# Task objective:
What is needed is a faithful transcription of all the data below, pictures excluded.

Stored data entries
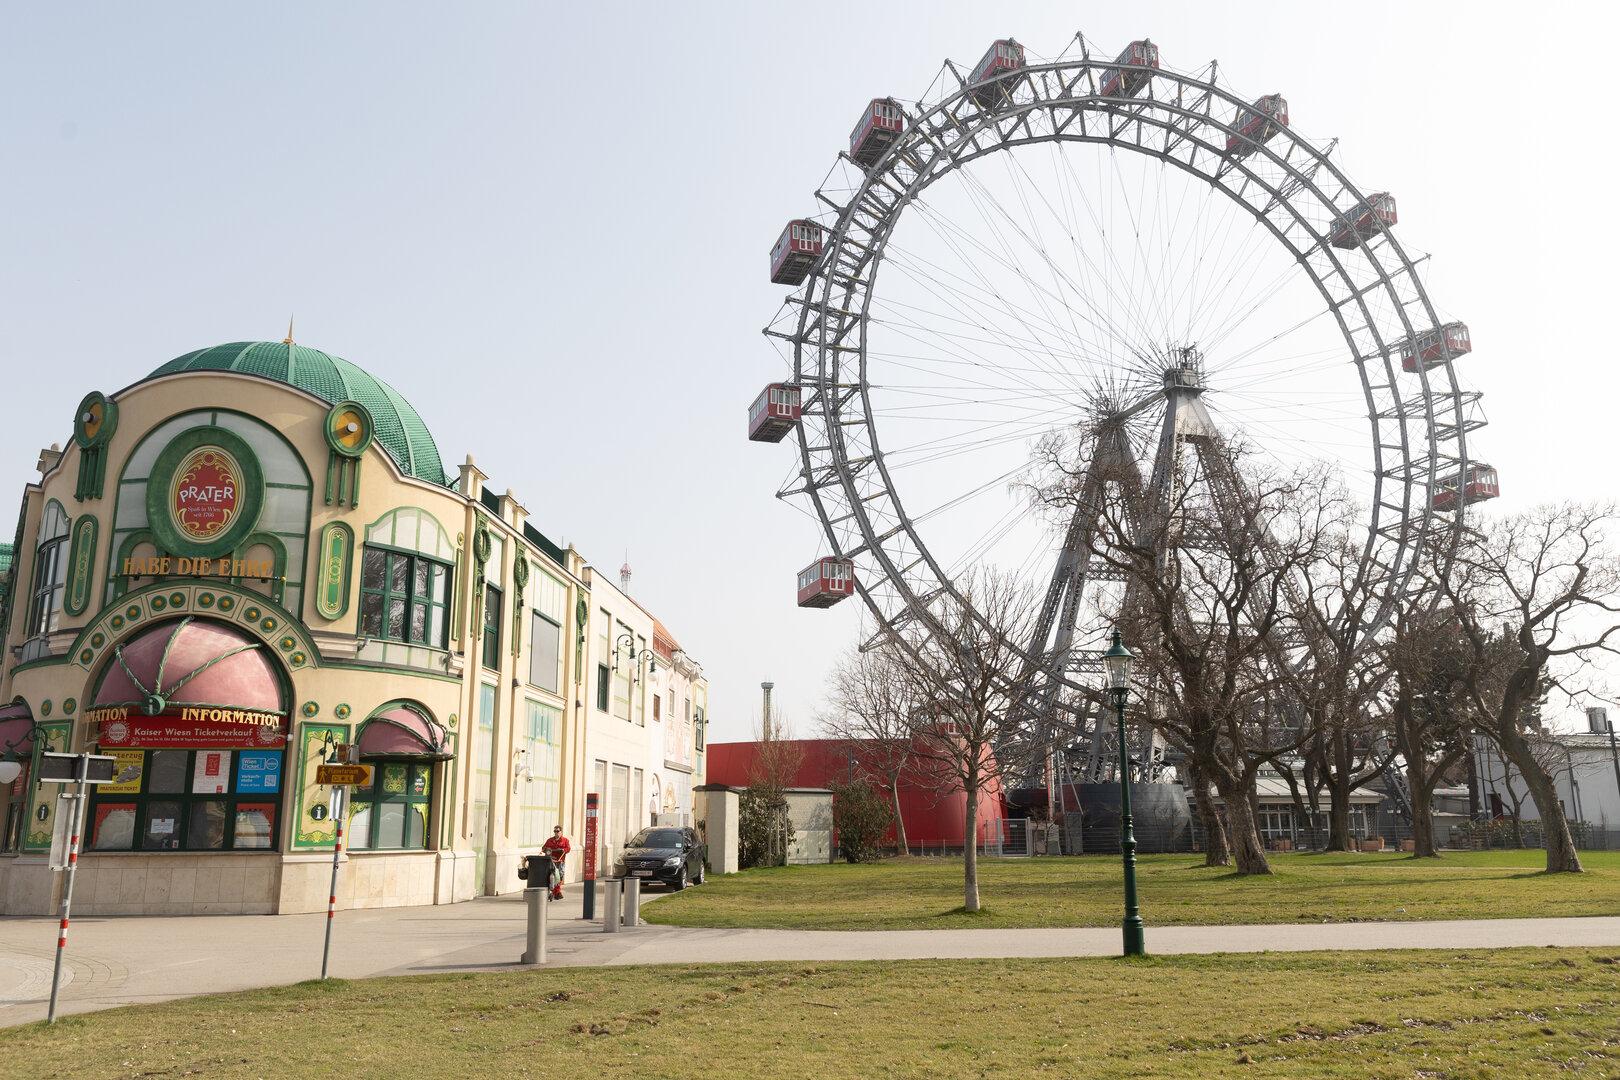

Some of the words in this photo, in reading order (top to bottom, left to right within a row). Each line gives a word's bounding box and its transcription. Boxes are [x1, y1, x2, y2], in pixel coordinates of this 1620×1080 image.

[179, 485, 234, 503] PRATER
[122, 557, 171, 575] HABE
[177, 557, 212, 576] DIE
[218, 558, 274, 578] EHRE
[181, 707, 280, 731] INFORMATION
[134, 727, 162, 736] Kaiser
[165, 727, 192, 736] Wiesn
[194, 727, 254, 736] Ticketverkauf
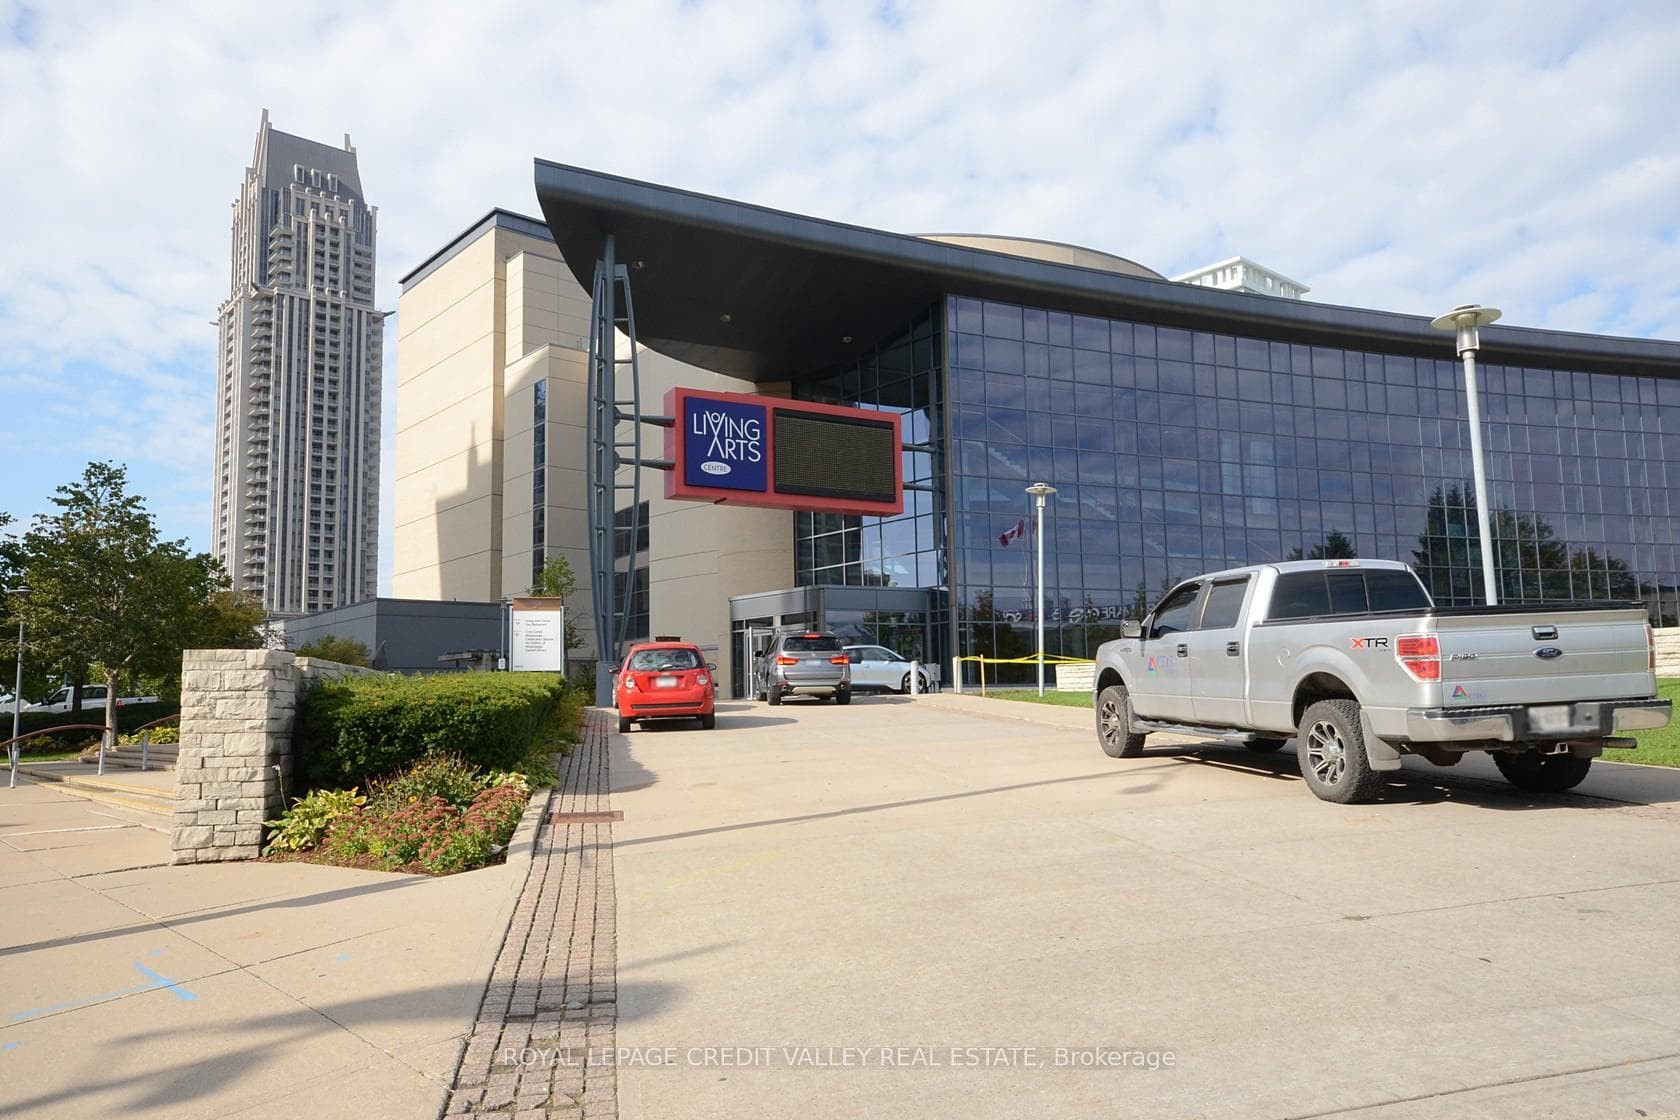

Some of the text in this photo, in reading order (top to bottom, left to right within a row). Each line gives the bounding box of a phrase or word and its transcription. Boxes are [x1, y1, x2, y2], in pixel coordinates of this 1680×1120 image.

[693, 410, 760, 440] LIVING
[707, 437, 761, 462] ARTS
[703, 464, 728, 473] CENTRE
[1352, 637, 1389, 648] XTR
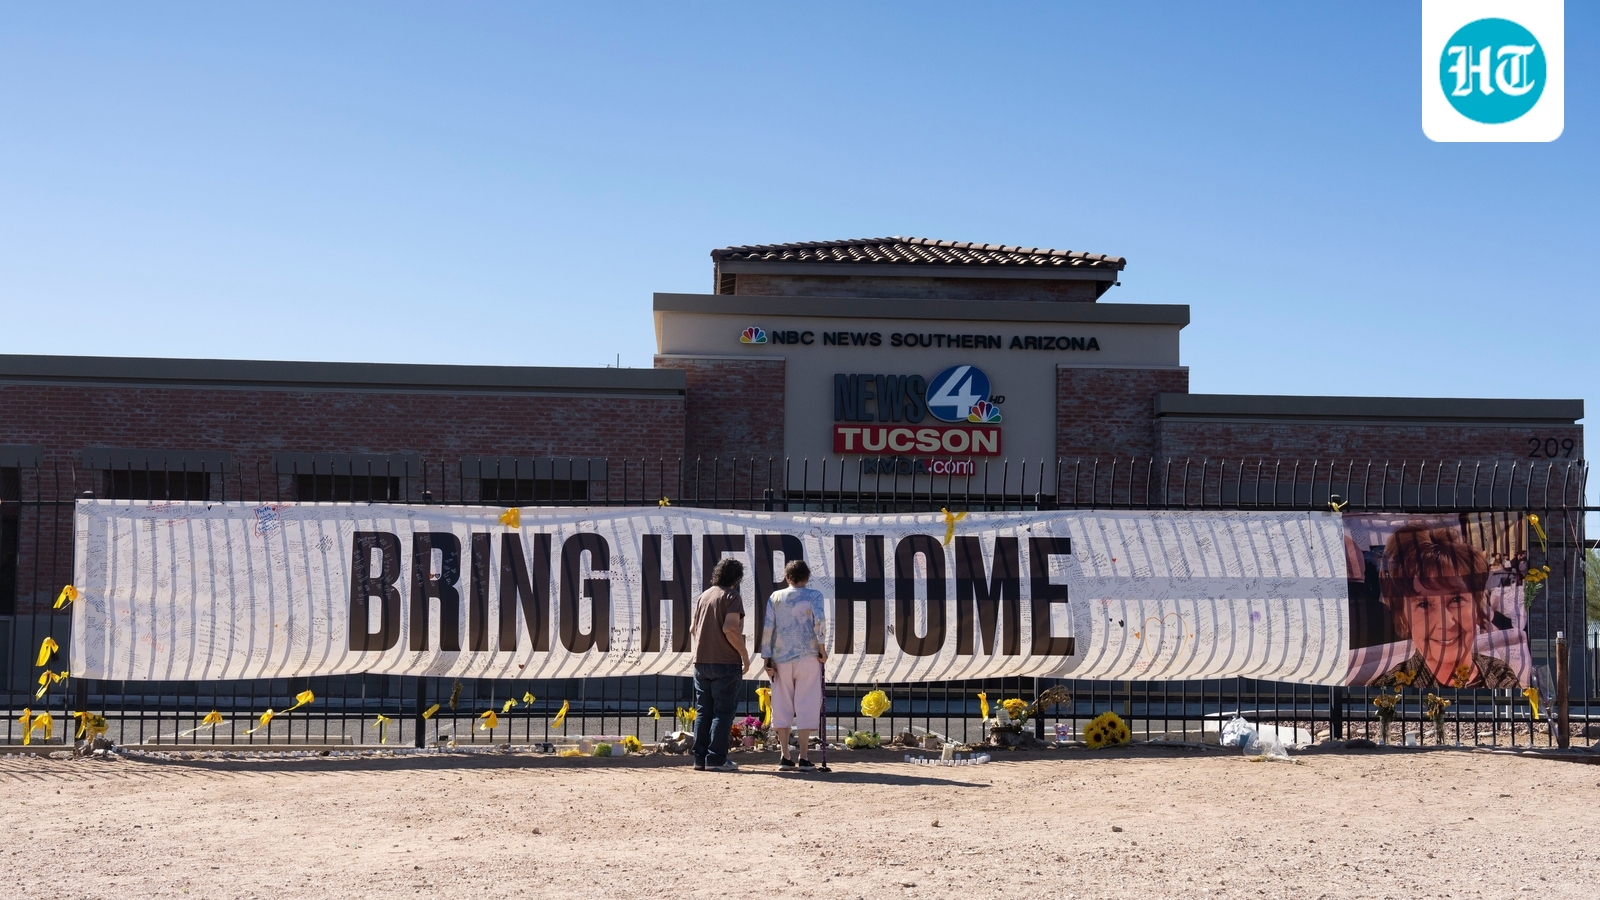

# Task result:
Some of the words in this photo, in reading order (top to bottom, left to right within a row). Each line gives a word's bounding box and its transcription. Boxes are [x1, y1, x2, y2], in pixel coordinates of this 1620×1080 image.

[179, 485, 234, 503] PRATER
[122, 557, 171, 575] HABE
[177, 557, 212, 576] DIE
[218, 558, 274, 578] EHRE
[181, 707, 280, 731] INFORMATION
[134, 727, 162, 736] Kaiser
[165, 727, 192, 736] Wiesn
[194, 727, 254, 736] Ticketverkauf

Some of the text in this photo, in reading order (top to bottom, left to right within a row). Each line gives the bounding box of a phrase or word and its transcription. Boxes are [x1, y1, x2, y2], in pixel coordinates of this 1680×1120 image.

[693, 410, 760, 440] LIVING
[707, 437, 761, 462] ARTS
[703, 464, 728, 473] CENTRE
[1352, 637, 1389, 648] XTR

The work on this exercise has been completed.